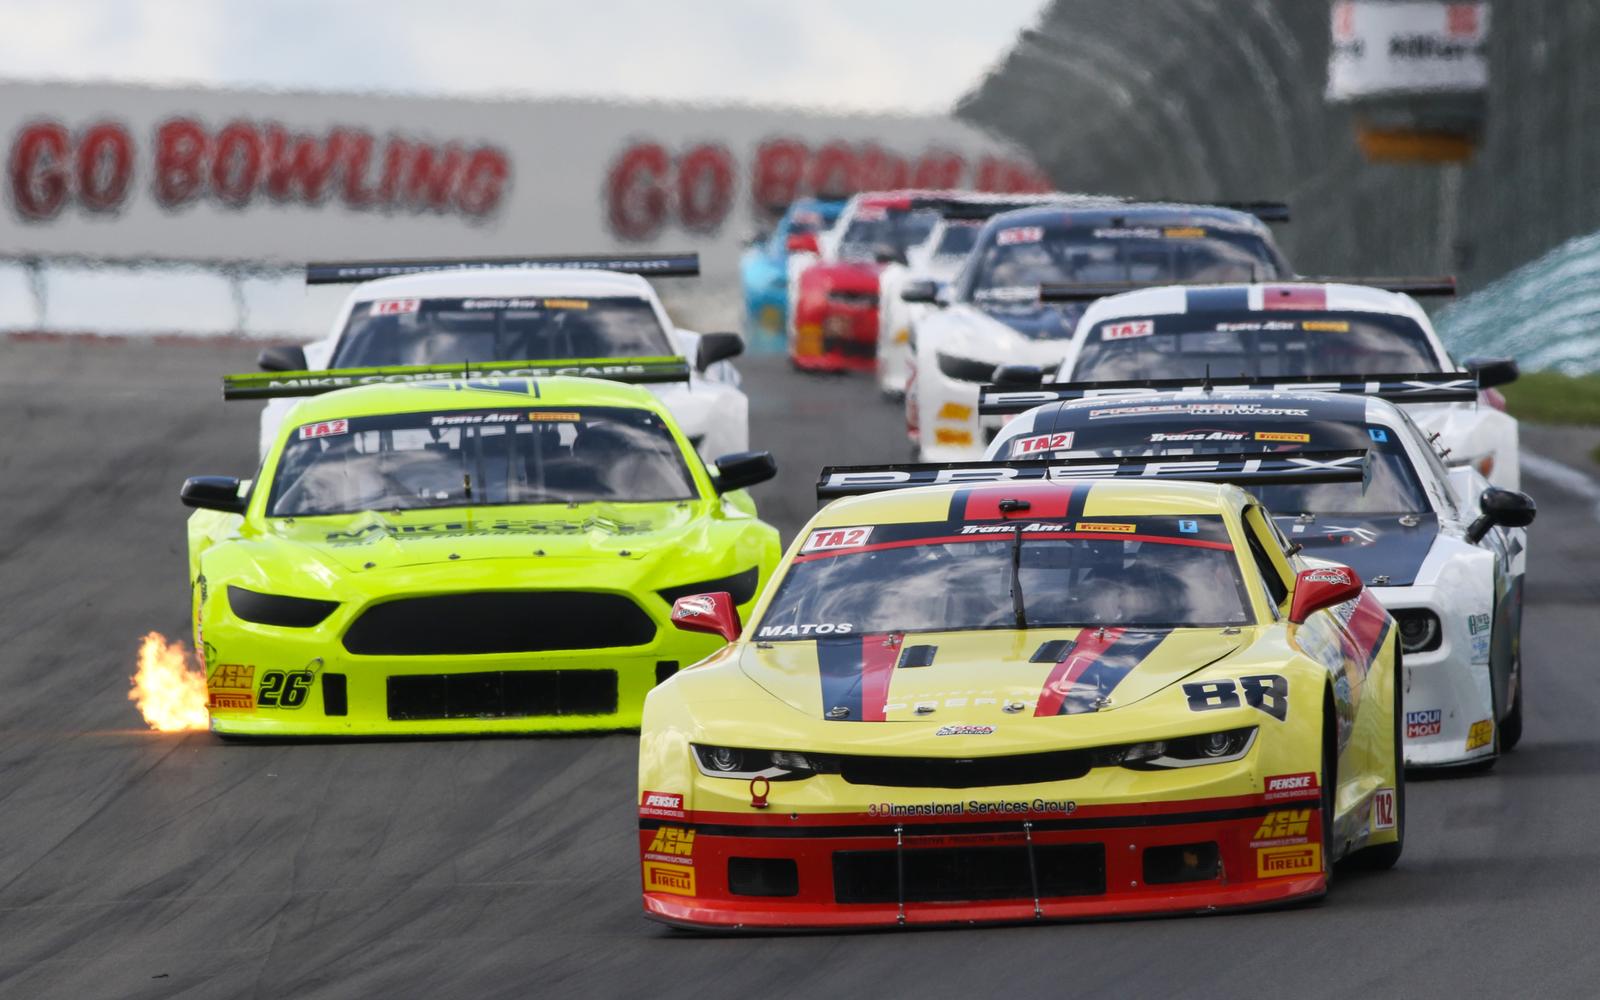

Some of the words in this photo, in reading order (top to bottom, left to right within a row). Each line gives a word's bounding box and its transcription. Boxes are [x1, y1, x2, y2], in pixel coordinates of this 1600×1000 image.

[10, 119, 135, 220] GO
[153, 115, 511, 224] BOWLING
[606, 140, 734, 240] GO
[1110, 323, 1148, 337] TA2
[269, 378, 351, 388] MIKE
[556, 365, 645, 376] CARS
[304, 420, 346, 438] TA2
[1150, 433, 1204, 442] Trans
[1205, 431, 1243, 441] Am
[1021, 435, 1068, 453] TA2
[828, 457, 1363, 488] PREFIX
[960, 524, 1018, 534] Trans
[1022, 522, 1065, 533] Am
[813, 529, 865, 547] TA2
[758, 623, 853, 637] MATOS
[207, 664, 255, 688] AEM
[257, 669, 314, 710] 26
[1182, 674, 1288, 722] 88
[209, 693, 253, 709] PIRELLI
[1407, 711, 1441, 724] LIQUI
[1408, 724, 1441, 736] MOLY
[1268, 776, 1311, 790] PENSKE
[646, 795, 681, 808] PENSKE
[868, 801, 964, 816] 3-Dimensional
[968, 799, 1029, 814] Services
[1032, 798, 1077, 815] Group
[1375, 793, 1393, 825] TA2
[1254, 809, 1311, 839] AEM
[647, 827, 697, 856] AEM
[1263, 850, 1313, 872] PIRELLI
[650, 867, 691, 889] PIRELLI
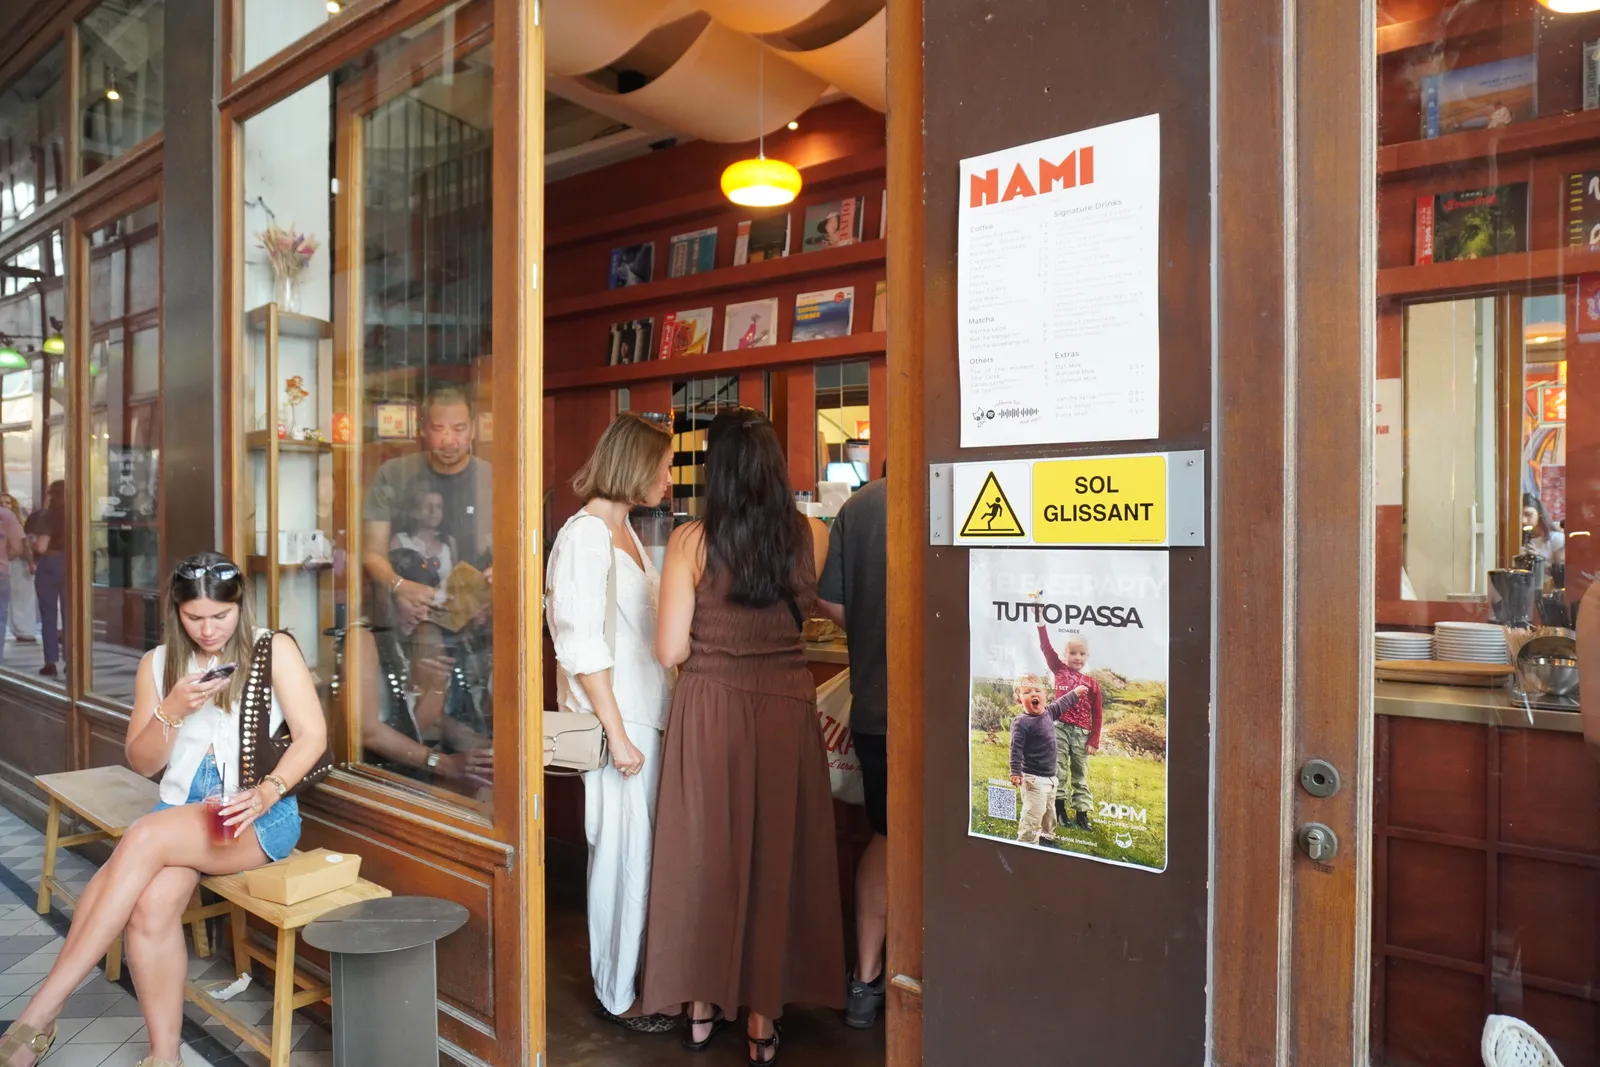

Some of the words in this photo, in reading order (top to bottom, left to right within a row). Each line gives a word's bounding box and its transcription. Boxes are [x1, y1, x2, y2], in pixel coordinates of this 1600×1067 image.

[970, 146, 1094, 208] NAMI
[1054, 205, 1093, 217] Signature
[1096, 199, 1122, 209] Drinks
[970, 224, 994, 233] Coffee
[969, 316, 995, 324] Matcha
[1054, 351, 1079, 359] Extras
[1075, 475, 1119, 494] SOL
[1044, 503, 1153, 522] GLISSANT
[993, 601, 1062, 624] TUTTO
[1065, 605, 1143, 628] PASSA
[1098, 801, 1146, 824] 20PM
[1075, 838, 1097, 847] included
+ + + + + + +
Exact copy, no pictures: reproduce every entry shown above.

Some of the words in this photo, in reading order (top to bottom, left to right within a row). Each line gives a word's bounding box and its transcription. Boxes are [x1, y1, x2, y2], in pixel coordinates of this 1600×1000 image.

[10, 119, 135, 220] GO
[153, 115, 511, 224] BOWLING
[606, 140, 734, 240] GO
[1110, 323, 1148, 337] TA2
[269, 378, 351, 388] MIKE
[556, 365, 645, 376] CARS
[304, 420, 346, 438] TA2
[1150, 433, 1204, 442] Trans
[1205, 431, 1243, 441] Am
[1021, 435, 1068, 453] TA2
[828, 457, 1363, 488] PREFIX
[960, 524, 1018, 534] Trans
[1022, 522, 1065, 533] Am
[813, 529, 865, 547] TA2
[758, 623, 853, 637] MATOS
[207, 664, 255, 688] AEM
[257, 669, 314, 710] 26
[1182, 674, 1288, 722] 88
[209, 693, 253, 709] PIRELLI
[1407, 711, 1441, 724] LIQUI
[1408, 724, 1441, 736] MOLY
[1268, 776, 1311, 790] PENSKE
[646, 795, 681, 808] PENSKE
[868, 801, 964, 816] 3-Dimensional
[968, 799, 1029, 814] Services
[1032, 798, 1077, 815] Group
[1375, 793, 1393, 825] TA2
[1254, 809, 1311, 839] AEM
[647, 827, 697, 856] AEM
[1263, 850, 1313, 872] PIRELLI
[650, 867, 691, 889] PIRELLI

Some of the words in this photo, in reading order (top to bottom, left to right within a row). Each line gives a word's bounding box and its transcription. Boxes are [x1, y1, x2, y2], in pixel coordinates of this 1600×1067 image.

[970, 146, 1094, 208] NAMI
[1054, 205, 1093, 217] Signature
[1096, 199, 1122, 209] Drinks
[970, 224, 994, 233] Coffee
[969, 316, 995, 324] Matcha
[1054, 351, 1079, 359] Extras
[1075, 475, 1119, 494] SOL
[1044, 503, 1153, 522] GLISSANT
[993, 601, 1062, 624] TUTTO
[1065, 605, 1143, 628] PASSA
[1098, 801, 1146, 824] 20PM
[1075, 838, 1097, 847] included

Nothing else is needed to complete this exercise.